Mark Cousins is a very nice man, he once just sat down with me and we really had a nice conversation about what constitutes a cult film during the London Film Festival, I can’t remember what year, maybe 2016 when he was promoting Stockholm My Love? This mammoth, over 900 minutes series The Story of Film: An Odyssey is probably what he is best known for now. Fans of cult cinema will have a place in their hearts for him because he was the host of Moviedrome from 1997 to 2000, when he replaced Alex Cox, the director of Repo Man and Sid & Nancy. I’m particularly fond of his Scene by Scene series, where he interviewed various actors and directors about their work. The David Lynch and Paul Schrader ones are especially good, the Woody Allen one is hilarious because he can’t bear to see even a clip of one of his old friends and turns away from the screen everytime Cousins plays him a clip.
However, The Story of Film: An Odyssey is a deeply flawed, at time infuriating, piece of film history. The first problem is it’s Mark Cousins’ story of film, not THE story of film. When the series is at its most successful, it’s when Cousins attempts to “redraw the map of movie history that we have in our hands… factually inaccurate and racist by omission.” However, Cousins himself is factually inaccurate, from suggesting that Howards Hawks was bisexual (certainly a possibility, but I can’t find any backing for that claim) to claiming Godard described himself as “a right-wing anarchist.” Godard has occasionally flirted with anarchism, but was a committed Maoist for many years and has actually has flirted with right-wing politics of late with his endorsement of Marine Le Pen “to shake things up.” But again, there’s no record of Godard ever claiming that particular affiliation. He also gets years for films wrong w constantly, for example, he says Elephant was a film of the ’90s when he has a part on Gus Van Sant: it is a film reflecting on the ’90s for sure, but it came out in 2003.
Cousins also has a clear vendetta against Hollywood cinema for the most part, sometimes with good reason and sometimes just in a petty way. The film is a good primer for World Cinema to some extent, especially if you haven’t seen much, especially Asian cinema. However, he is far too interested in “realist” cinema for my liking, and is very dismissive of “fantasy” cinema, which he paints as too vast a canvas to really mean anything, from anything slightly unreal to more traditional “fantasy” cinema. My tastes skew more towards the fantastical than the realist in the first place anyway.

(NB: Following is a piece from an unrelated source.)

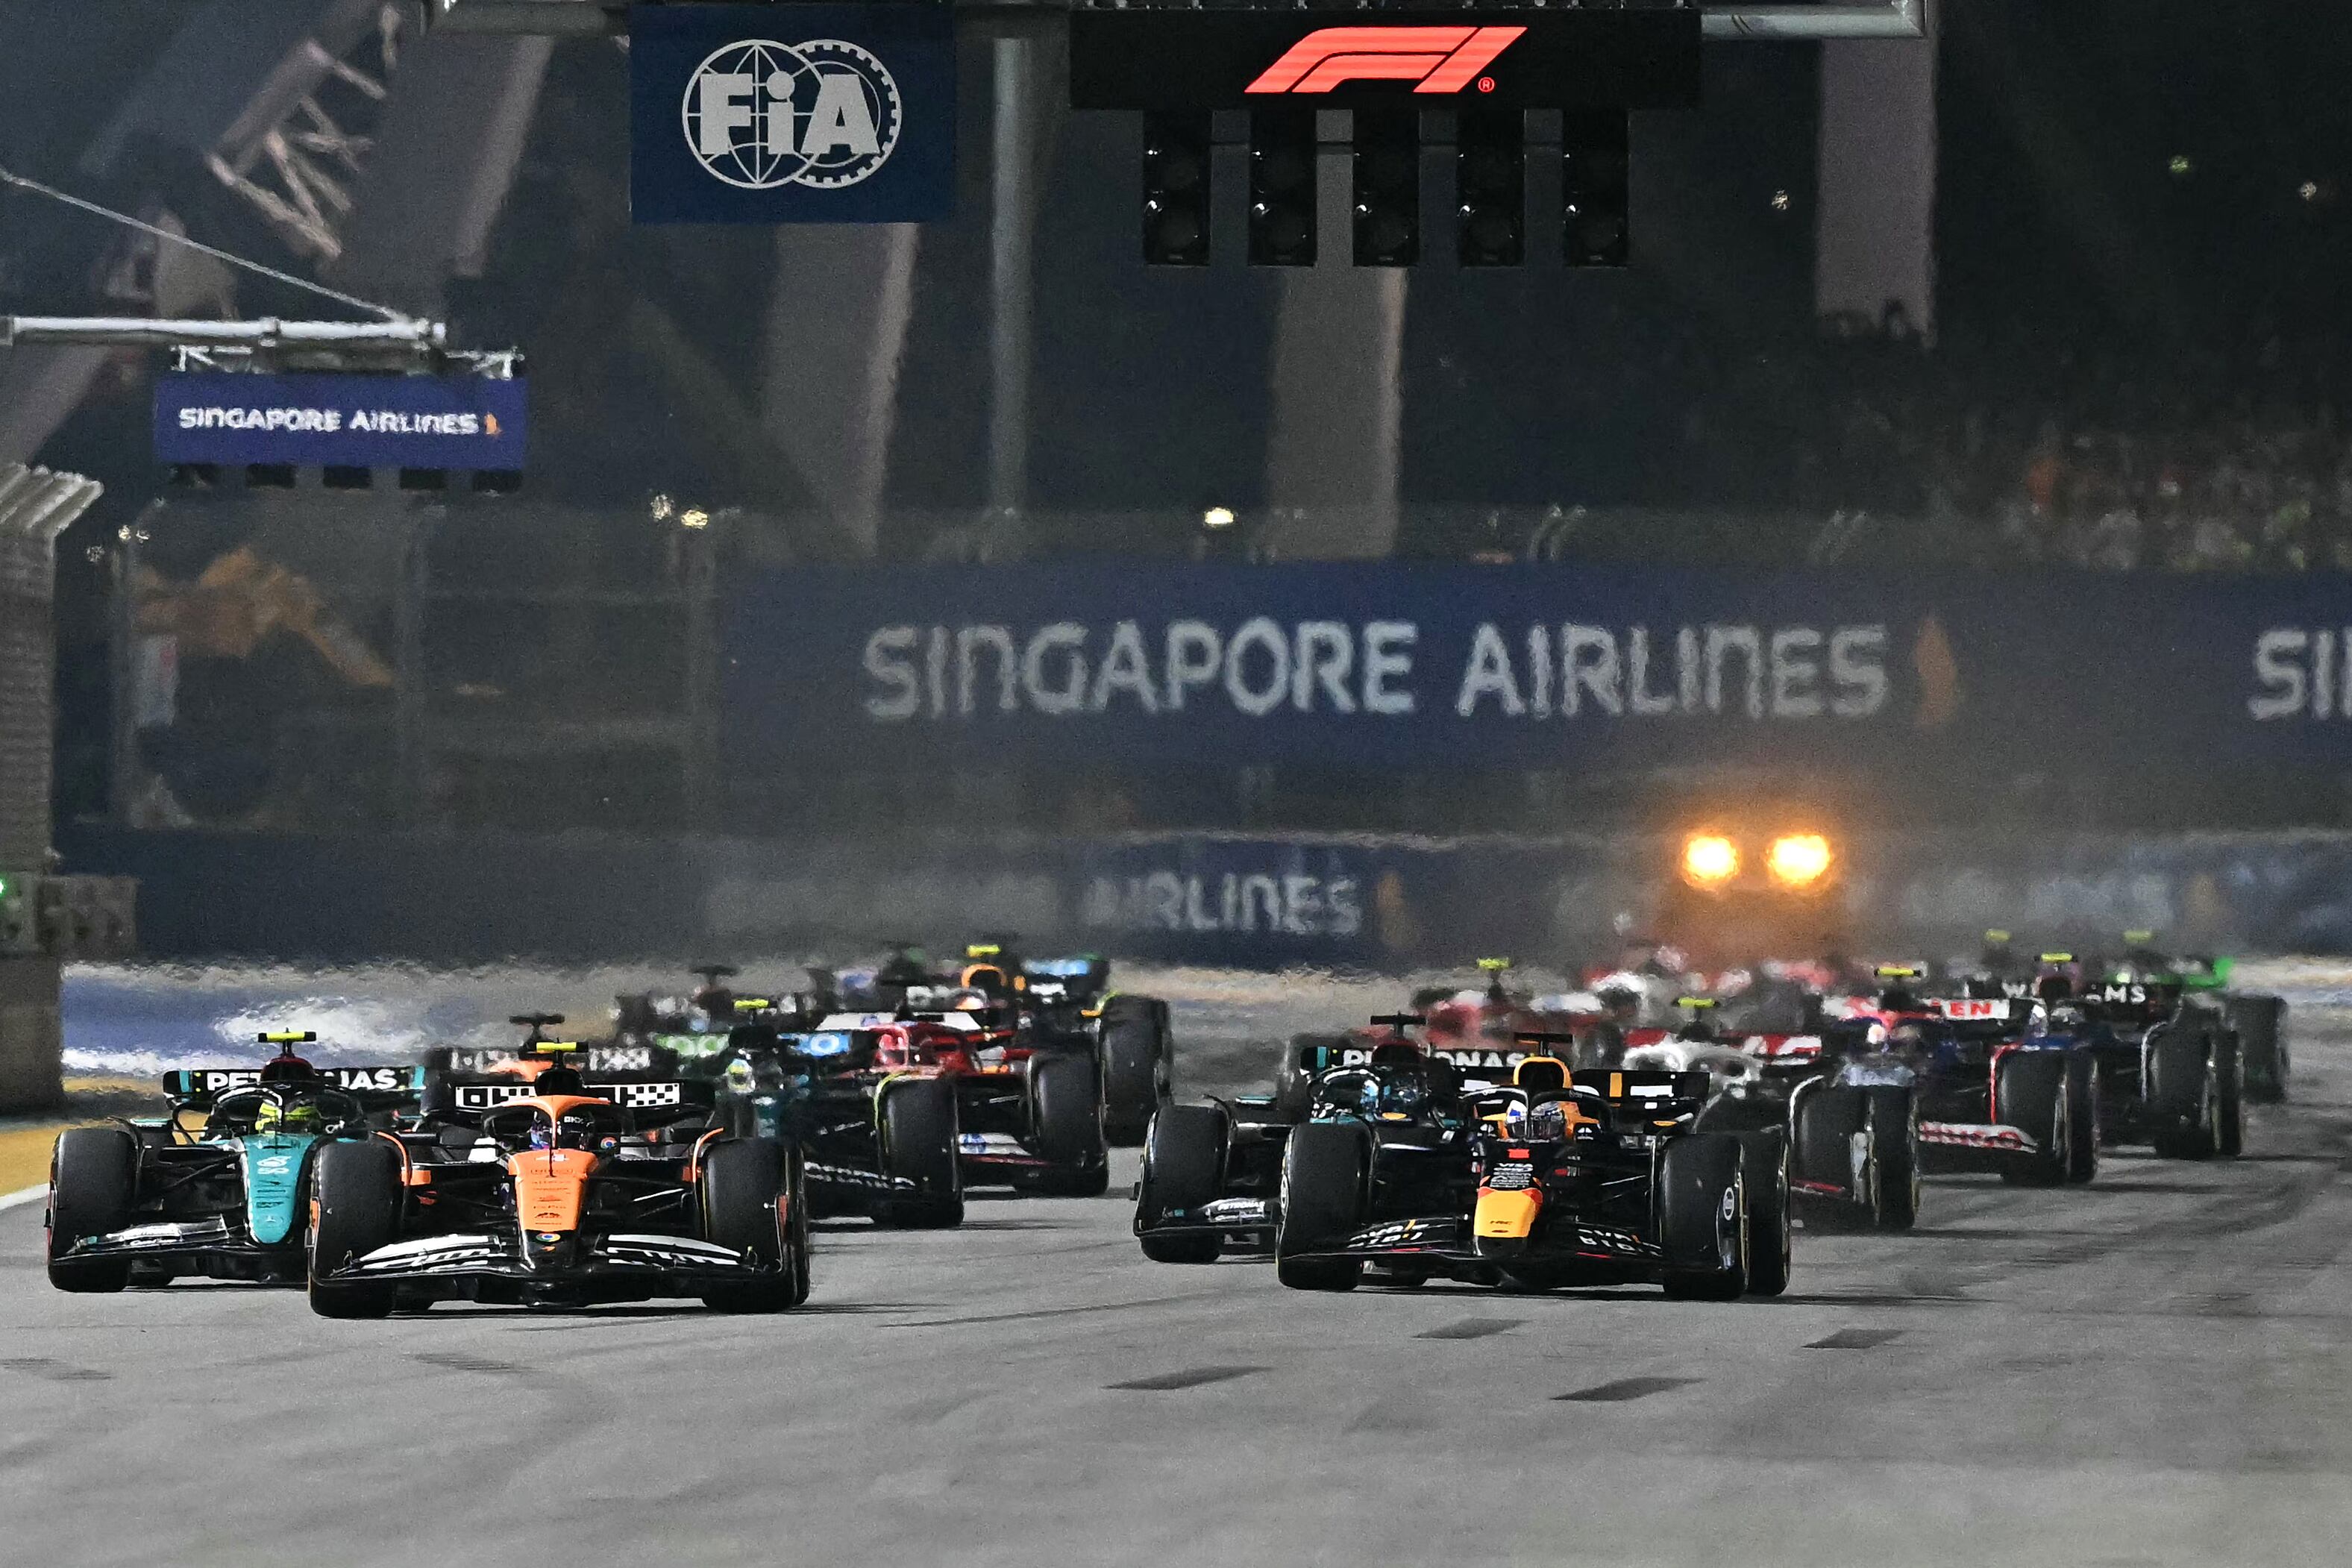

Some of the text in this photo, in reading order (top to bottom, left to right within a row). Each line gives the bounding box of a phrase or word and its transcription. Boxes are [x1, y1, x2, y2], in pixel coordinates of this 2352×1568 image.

It’s an honourable attempt to decolonise film history, but at times he gives far too much importance to some African or Asian films for being masterpieces or so innovative etc., when next to nobody saw them at the time, and even now only really hardcore world-cinema buffs who are actively on the lookout for these films have seen them. I respect what Mark Cousins has done here, but for starters, the fact that Stanley Kubrick is basically just mentioned in passing raises a few eyebrows. Cousins even tries to make out that one of the darkest films of the all time, never mind the ’70s, Chinatown, has an “optimistic ending.” Also, the visual metaphors throughout the film are utter shit, and the interviews Cousins does with various filmmakers and interviews for the most part don’t add a huge amount to the proceedings. I’m only going to mention his monotone Northern Irish accent which narrates the film quickly: I don’t mind it as much as some, but occasionally you do wish he would hire a narrator with a strong voice, something I noticed he did with his more recent and similar Women Make Film: A New Road Movie Through Cinema.
I have to be honest and say that the Blu-Ray is kind of annoying as well. It consists of clearly 15 one-hour parts, but they are lumped together into five three-hour parts, with no choice of just playing one episode at a time. There are no supplementary extras.